Theory of surface dynamic variation during the high-temperature field evaporation

Abstract

We consider the heated surface of a metallic tip to which a strong electric field is applied. At temperatures activating surface self-diffusion, crystalline outgrowths and microprotrusions arise on the surface. The latter generate ion fluxes, i.e., act as sources of high-temperature field evaporation, when a positive potential is applied to the emitter. The existence conditions for the microprotrusions on the emitter surface are discussed. It is shown that their stability is provided by the balance between three atomic fluxes: diffusion from the top of the tip, diffusion toward the top, and field evaporation from the top. Different ways of providing such a balance are discussed. In a desorption-type field ion microscope, the microprotrusions and evaporating ions are visualized as bright spots.
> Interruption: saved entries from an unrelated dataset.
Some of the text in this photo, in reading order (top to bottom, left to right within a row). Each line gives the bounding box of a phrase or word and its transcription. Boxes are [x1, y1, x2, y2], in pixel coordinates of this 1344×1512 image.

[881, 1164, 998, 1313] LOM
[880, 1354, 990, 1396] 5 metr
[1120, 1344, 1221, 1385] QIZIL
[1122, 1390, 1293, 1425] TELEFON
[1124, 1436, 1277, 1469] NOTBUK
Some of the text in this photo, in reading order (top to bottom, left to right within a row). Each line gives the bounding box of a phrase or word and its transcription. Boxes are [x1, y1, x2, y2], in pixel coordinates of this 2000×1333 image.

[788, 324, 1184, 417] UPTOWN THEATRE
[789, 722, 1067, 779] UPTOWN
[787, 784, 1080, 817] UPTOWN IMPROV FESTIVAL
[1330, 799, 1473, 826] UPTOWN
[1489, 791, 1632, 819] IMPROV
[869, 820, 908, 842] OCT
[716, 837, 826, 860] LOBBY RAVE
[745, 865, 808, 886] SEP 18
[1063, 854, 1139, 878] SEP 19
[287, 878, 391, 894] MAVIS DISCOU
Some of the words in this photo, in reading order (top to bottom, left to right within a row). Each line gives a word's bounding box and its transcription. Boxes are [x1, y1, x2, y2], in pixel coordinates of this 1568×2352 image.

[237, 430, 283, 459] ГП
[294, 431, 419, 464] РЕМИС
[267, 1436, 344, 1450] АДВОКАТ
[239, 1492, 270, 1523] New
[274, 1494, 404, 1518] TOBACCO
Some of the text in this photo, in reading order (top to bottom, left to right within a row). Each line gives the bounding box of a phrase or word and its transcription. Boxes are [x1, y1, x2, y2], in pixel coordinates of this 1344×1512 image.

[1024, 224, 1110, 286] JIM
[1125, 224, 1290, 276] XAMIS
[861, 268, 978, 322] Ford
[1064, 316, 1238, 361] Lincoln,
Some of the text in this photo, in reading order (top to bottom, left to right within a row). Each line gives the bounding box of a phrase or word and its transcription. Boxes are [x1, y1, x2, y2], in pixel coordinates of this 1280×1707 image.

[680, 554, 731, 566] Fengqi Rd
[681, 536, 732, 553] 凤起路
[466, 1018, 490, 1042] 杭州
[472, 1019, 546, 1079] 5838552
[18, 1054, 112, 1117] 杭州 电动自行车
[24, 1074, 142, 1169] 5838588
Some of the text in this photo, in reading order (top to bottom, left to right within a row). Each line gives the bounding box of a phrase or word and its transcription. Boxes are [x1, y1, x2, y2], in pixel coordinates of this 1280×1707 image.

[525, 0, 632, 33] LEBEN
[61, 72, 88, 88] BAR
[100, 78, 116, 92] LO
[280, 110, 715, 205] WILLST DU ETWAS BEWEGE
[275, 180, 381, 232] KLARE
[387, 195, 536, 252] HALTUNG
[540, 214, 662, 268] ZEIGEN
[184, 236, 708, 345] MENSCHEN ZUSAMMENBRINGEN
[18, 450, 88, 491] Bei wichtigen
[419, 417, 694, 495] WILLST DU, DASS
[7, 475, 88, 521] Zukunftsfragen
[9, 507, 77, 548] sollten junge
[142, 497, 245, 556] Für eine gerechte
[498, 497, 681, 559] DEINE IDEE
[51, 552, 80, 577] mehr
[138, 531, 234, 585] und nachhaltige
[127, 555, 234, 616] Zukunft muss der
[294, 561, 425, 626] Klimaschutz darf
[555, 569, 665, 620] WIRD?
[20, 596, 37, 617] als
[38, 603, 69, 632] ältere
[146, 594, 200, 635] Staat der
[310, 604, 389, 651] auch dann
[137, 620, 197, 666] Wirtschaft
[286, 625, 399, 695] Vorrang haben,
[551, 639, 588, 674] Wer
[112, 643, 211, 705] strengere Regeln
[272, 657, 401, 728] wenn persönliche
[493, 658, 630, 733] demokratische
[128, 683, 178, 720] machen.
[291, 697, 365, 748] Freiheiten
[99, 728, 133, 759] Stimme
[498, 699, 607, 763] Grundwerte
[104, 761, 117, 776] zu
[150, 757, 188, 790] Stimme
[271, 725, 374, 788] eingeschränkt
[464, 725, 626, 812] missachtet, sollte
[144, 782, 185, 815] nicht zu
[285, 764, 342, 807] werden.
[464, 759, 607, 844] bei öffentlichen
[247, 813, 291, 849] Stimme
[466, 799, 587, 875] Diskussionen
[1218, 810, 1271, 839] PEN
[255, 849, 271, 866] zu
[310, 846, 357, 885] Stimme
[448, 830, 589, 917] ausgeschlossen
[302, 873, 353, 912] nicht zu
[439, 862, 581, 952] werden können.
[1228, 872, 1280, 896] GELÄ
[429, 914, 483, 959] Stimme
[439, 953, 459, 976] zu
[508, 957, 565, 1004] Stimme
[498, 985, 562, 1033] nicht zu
These spots execute random motion and, at the same time, exhibit ordered cyclic displacements: the microprotrusions first form dotted rings along the developed faces of the crystalline emitter, and then these rings quickly collapse toward the center of the face. A quantitative theory of these cyclic processes is developed for the first time. It explains why the rings “calm down” before collapse and why subsequent collapse develops in an avalanchelike manner. The electric field distribution over the surface in the presence of an outgrowth is calculated, and diffusion fluxes at different stages of its growth and dissolution are analyzed. The calculation shows that the outgrowth heights are relatively small and their slopes are rather smooth.